Coast Salish felled trees with fire to create more open space for food plants like Camas Lilly, and periodically burned them to suppress competing species and insects – they were farming, improving the land to grow more food. (Druids in BC worship the ‘Garry Oak Meadows’ that resulted. The natural form of Garry Oak is forest, but Douglas Fir will supplant it, just as Garry Oak supplanted the early-in early-out Aspen species (inlanders can think Trembling Aspen).)
There’s research suggesting other uses of fire in the ‘pacific northwest’, such as clearing a trail into the mountains each spring. Belief is they chose wet time to limit spread of fire but weren’t always successful at doing that.
So the warmth of the Medieval Period has now become an anomaly has it? Well I suppose in the context of a glaciated Earth it might be, but in that case I’d rather be living in an anomaly.
I scoffed at that, too, when I read it.
Liars, always trying to control the language.
All previous warming was regional.
All previous cold spells were regional.
Ignore the fact that these regional episodes also occurred nearly everywhere else at more or less the same time.
Must be like the phenomenon of plants communicating with each other. :-o)
(Actually responding to same stimuli.)
Surely that can’t be so. Between the scorching heat, monstrous storms, catastrophic droughts and floods, ravaging diseases and boiling oceans, mankind would not have survived. Oh wait, that’s from CO2 heat. Oops.
Michael Mann is not going to like this study.
Where are the error bars on the graphs? I’ll bet they’re wider than 1C. And what exactly is “high resolution”?
I see the resolution, 10 years. Which could miss El Nino/La Nina and other events.

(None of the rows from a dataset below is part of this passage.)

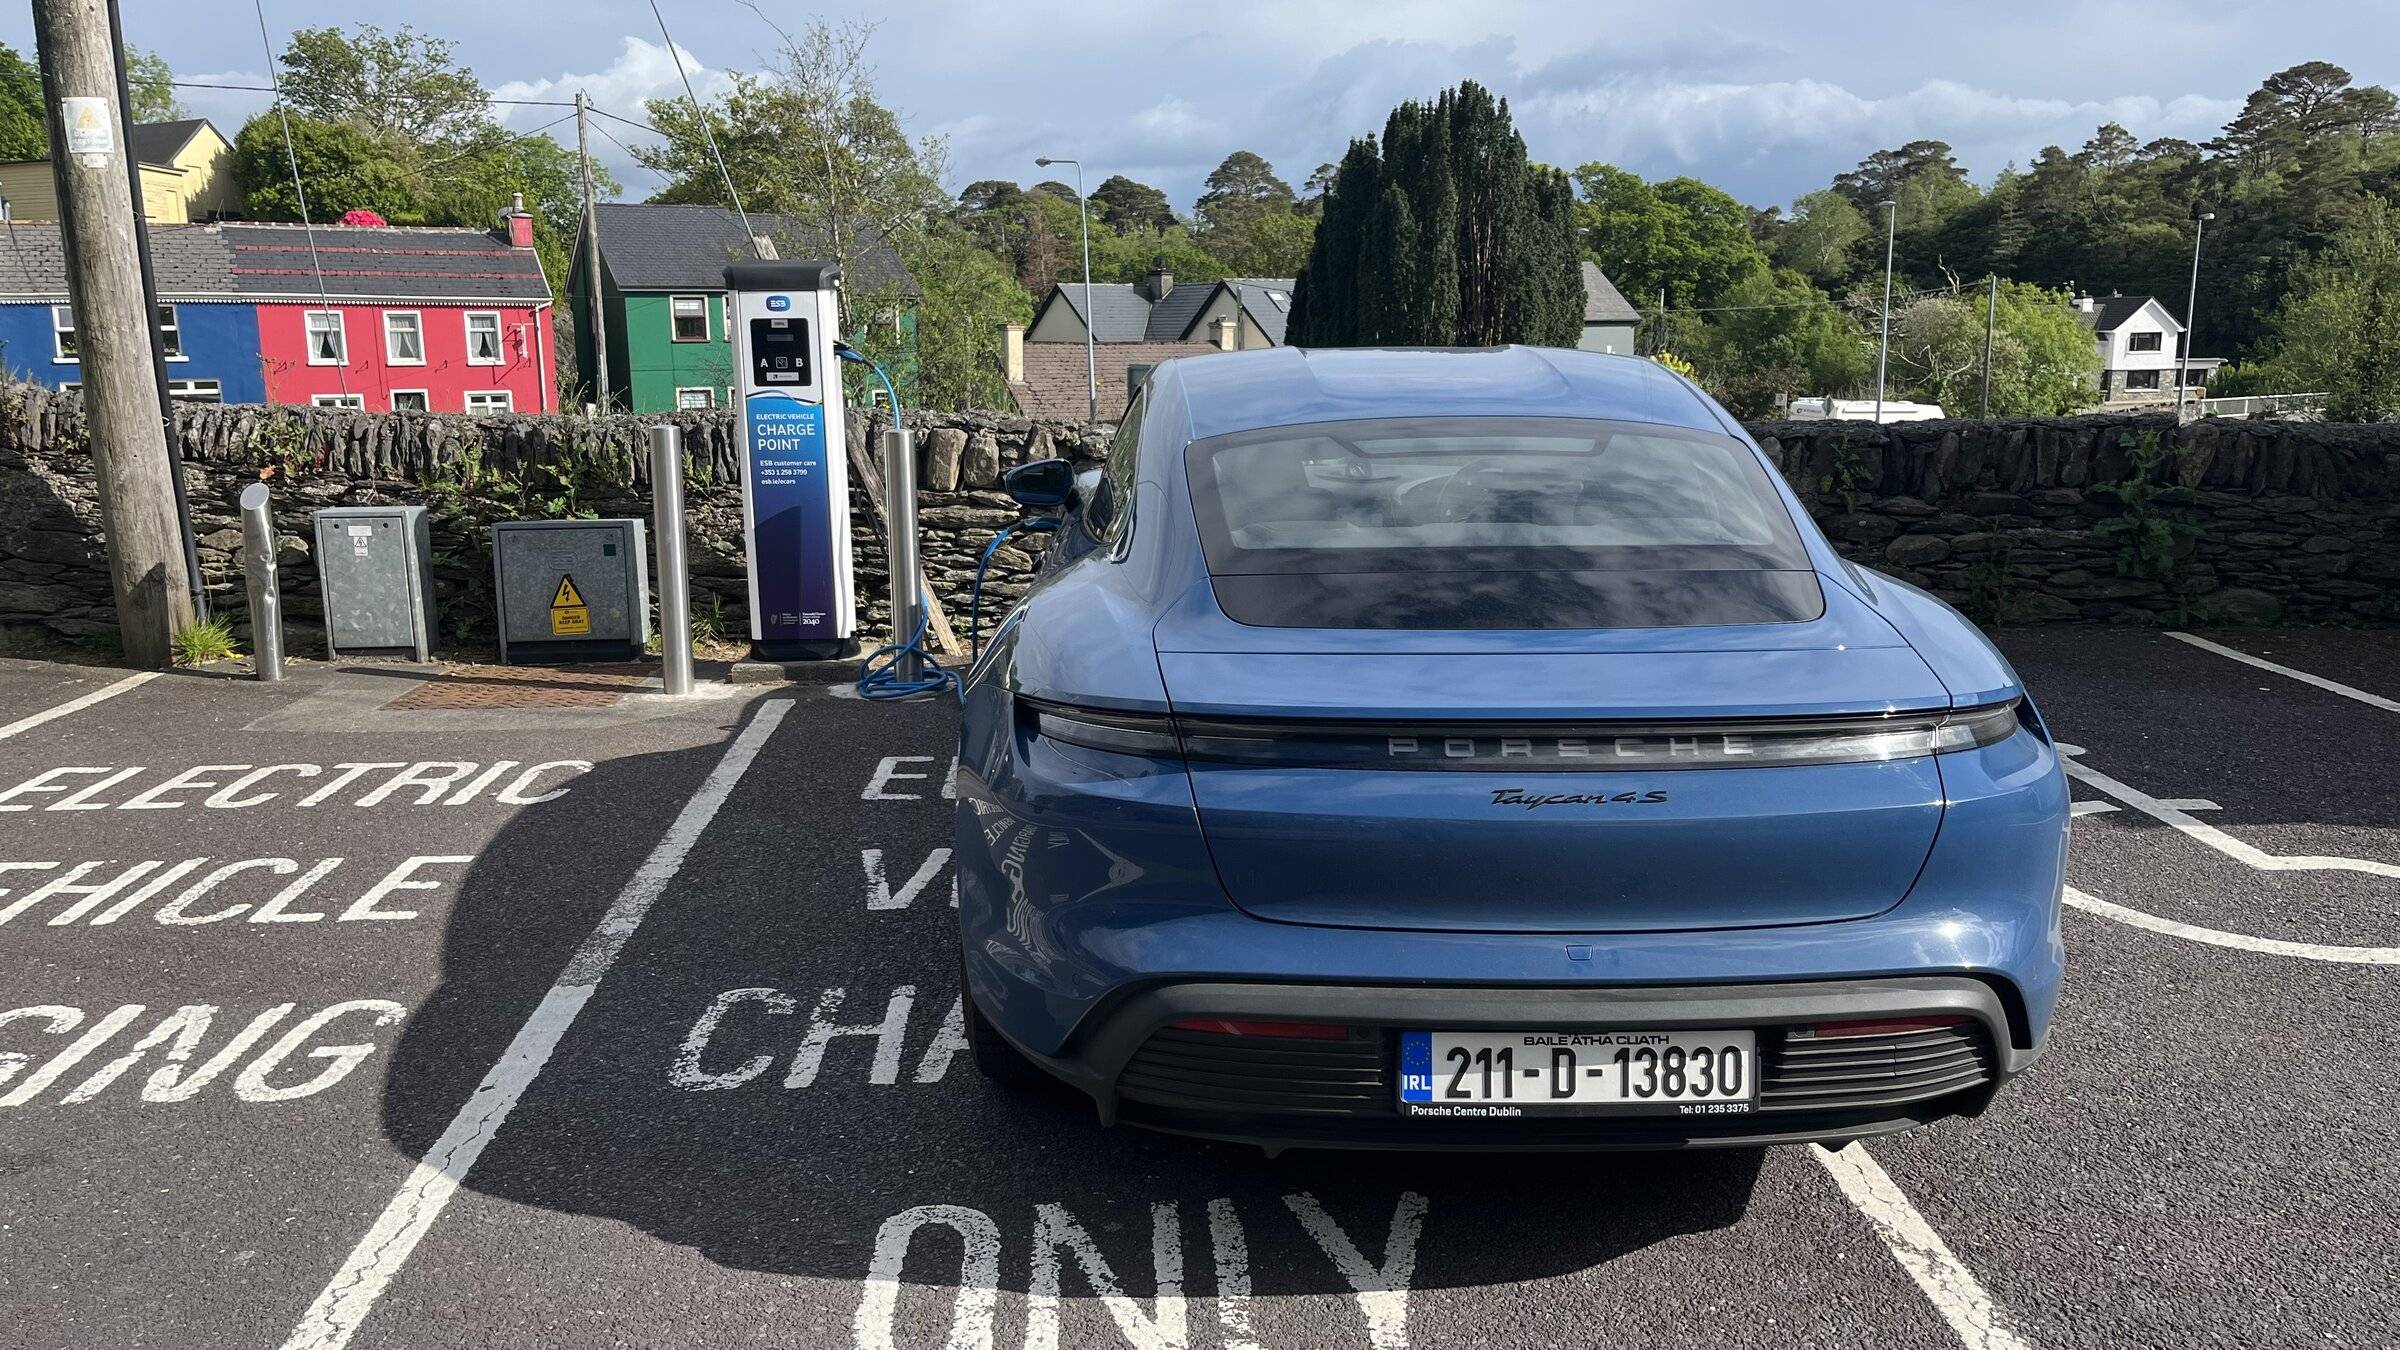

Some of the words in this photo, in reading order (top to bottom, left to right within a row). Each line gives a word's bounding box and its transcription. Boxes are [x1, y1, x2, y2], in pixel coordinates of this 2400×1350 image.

[770, 300, 786, 308] ESB
[760, 358, 768, 367] A
[795, 358, 803, 367] B
[757, 423, 816, 436] CHARGE
[758, 438, 801, 451] POINT
[1388, 736, 1754, 758] PORSCHE
[0, 760, 595, 811] ELECTRIC
[1490, 788, 1607, 810] Taycan
[1610, 790, 1668, 804] 4S
[1523, 1036, 1567, 1046] BAILE
[1616, 1034, 1669, 1045] CLIATH
[1445, 1045, 1743, 1099] 211-D-13830
[1404, 1074, 1432, 1091] IRL
[1411, 1105, 1452, 1117] Porsche
[1454, 1106, 1487, 1117] Centre
[1489, 1105, 1522, 1117] Dublin
[1680, 1104, 1694, 1115] Tel:
[1695, 1105, 1706, 1114] 01
[1708, 1104, 1725, 1114] 235
[1727, 1103, 1749, 1114] 3375
[853, 1191, 1428, 1350] ONLY

In regard to previous climate, Kristian Kristianson’s lecture on ytube is interesting. On the basis of a combination of archeology and paleogenetics he points to the neolithic farmers becoming smaller and large settlements being abandoned in a cooling period about 3250 years ago. This, combined with the arrival of mutated ursinia pestes (plague) led to major population collapse just before the Yamnaya arrived to replace virtually all Y chromosome variants in Europe.

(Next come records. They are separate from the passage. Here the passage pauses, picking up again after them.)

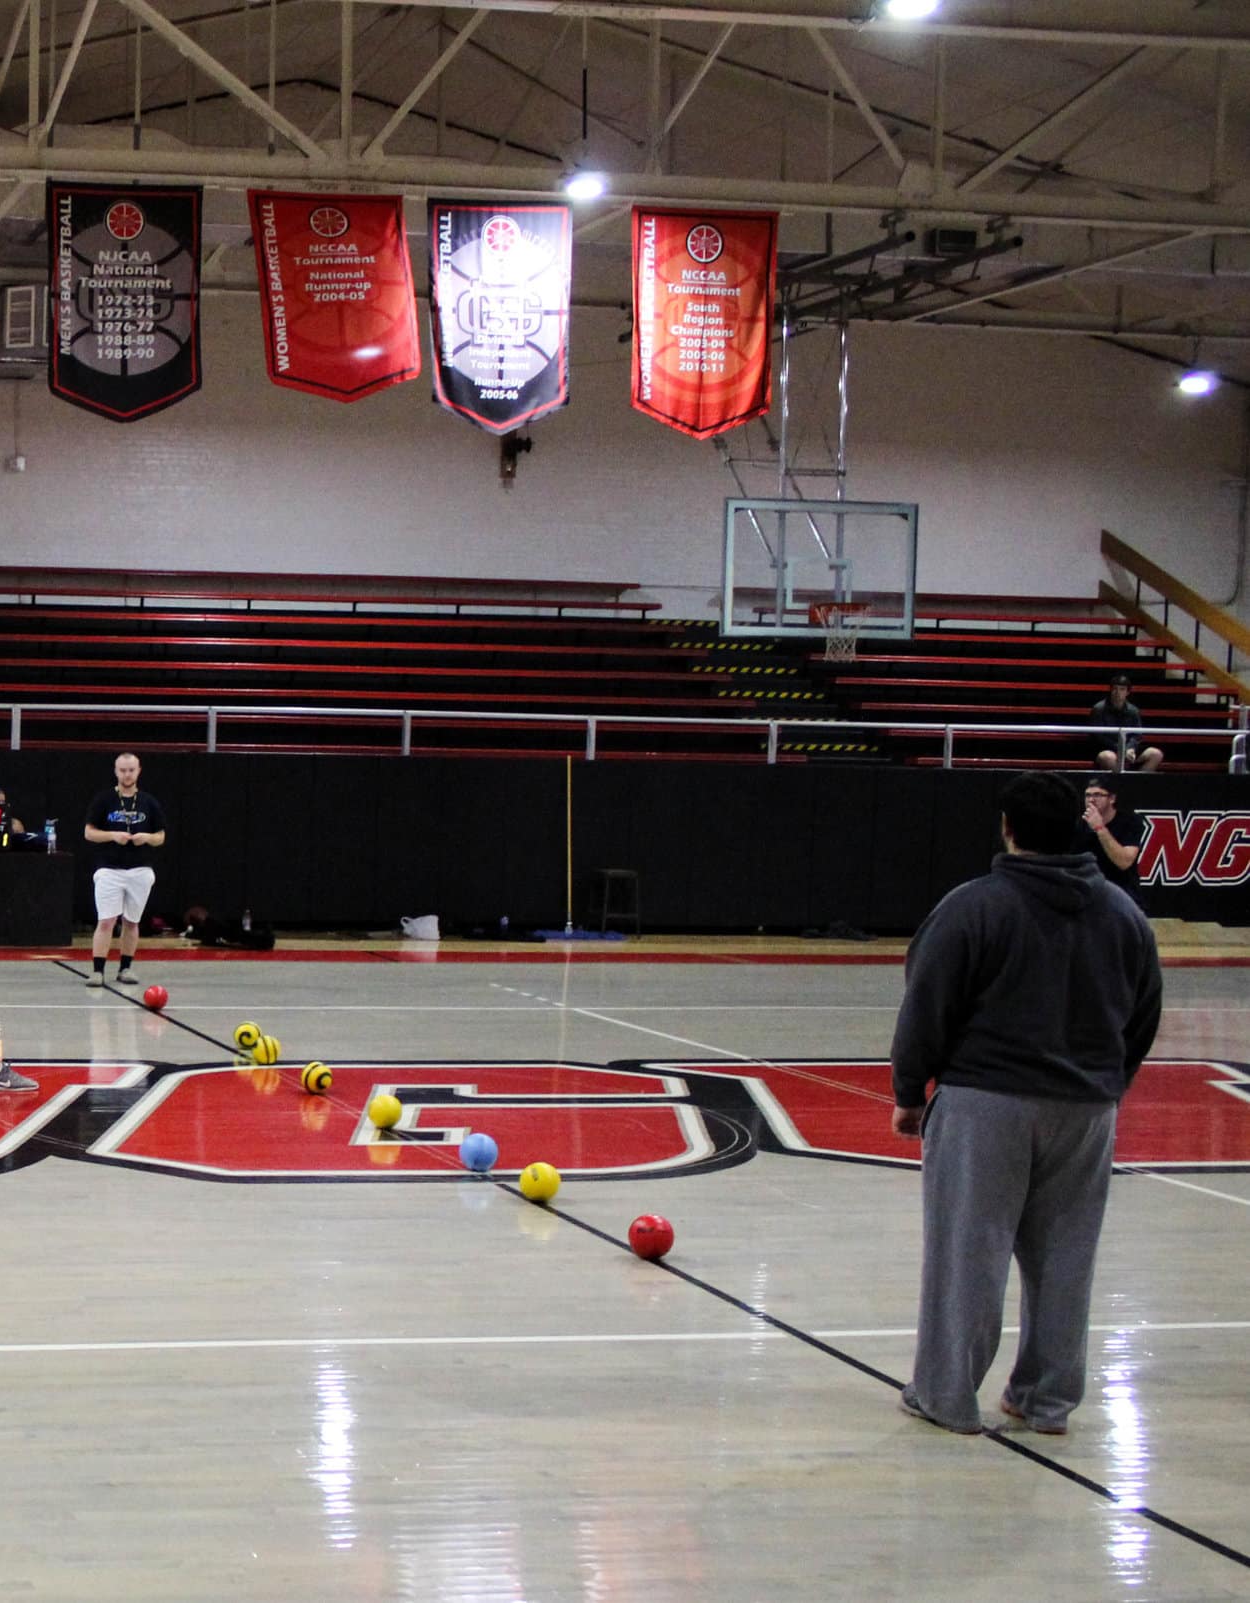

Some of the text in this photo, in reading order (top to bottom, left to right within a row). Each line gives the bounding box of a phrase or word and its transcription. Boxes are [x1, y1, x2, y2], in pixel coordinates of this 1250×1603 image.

[60, 195, 72, 301] BASKETBALL
[309, 243, 358, 252] NCCAA
[98, 250, 152, 262] NJCAA
[294, 255, 376, 266] Tournament
[439, 212, 452, 314] KETBALL
[93, 264, 158, 276] National
[310, 269, 365, 280] National
[681, 270, 727, 282] NCCAA
[78, 276, 172, 289] Tournament
[262, 202, 290, 372] WOMEN'S BASKETBALL
[304, 281, 372, 292] Runner-up
[667, 283, 742, 297] Tournament
[98, 295, 155, 306] 1972-73
[314, 292, 366, 302] 2004-05
[686, 302, 720, 313] South
[682, 314, 724, 326] Region
[98, 321, 155, 332] 1976-77
[670, 326, 735, 338] Champions
[98, 334, 155, 346] 1988-89
[98, 348, 155, 360] 1989-90
[480, 389, 518, 400] 2005-06

Weather sure has major effects on people and animals. This talk is well worth an hour.
https://www.youtube.com/watch?v=bxTVSwt-jsU
No doubt the provincial or federal authorities will think of ways of justifying the re-introduction of carbon taxes to prevent runaway warming that could turn New Brunswick into another Sahara almost overnight.
Canada needs all of the old-time Global Warming that it can get its hands on.
What is the significance of the following statement I found in the study?
“A few cautions must be raised with respect to the Fish Lake climate reconstructions. A major issue in doing climate reconstructions based upon modern pollen-climate calibration sets arises because human-caused landscape disturbance is so severe in much of the world (certainly in northern New England, the Maritimes, and southern Québec) that vegetation no longer reflects climate in the same way that it used to prior to this severe anthropogenic disturbance (Kujawa et al., 2016; St-Jacques et al., 2008, 2015). Hence, when transfer functions constructed using modern pollen-climate calibration sets are used for the inference of past climates of more pristine landscapes, unavoidable errors arise such as substantial climate signal bias and underestimation (St-Jacques et al., 2008, 2015). A further source of loss of sensitivity in our reconstructions arises from having to pool all Picea, all Pinus, all Alnus and all Acer species together, despite their different climate optima (Thompson et al., 2015) due to the low taxonomic resolution used by previous researchers whose compiled results form the pollen-climate calibration set (Whitmore et al., 2005).
Despite issues existing with the precise values of our climate reconstructions, they are sufficiently reliable for comparison to the general patterns found in regional syntheses (e.g. Ladd et al., 2018; Marlon et al., 2017; Shuman and Marsicek, 2016).”
Ayup – that’s when Vikings farmed southwest Greenland.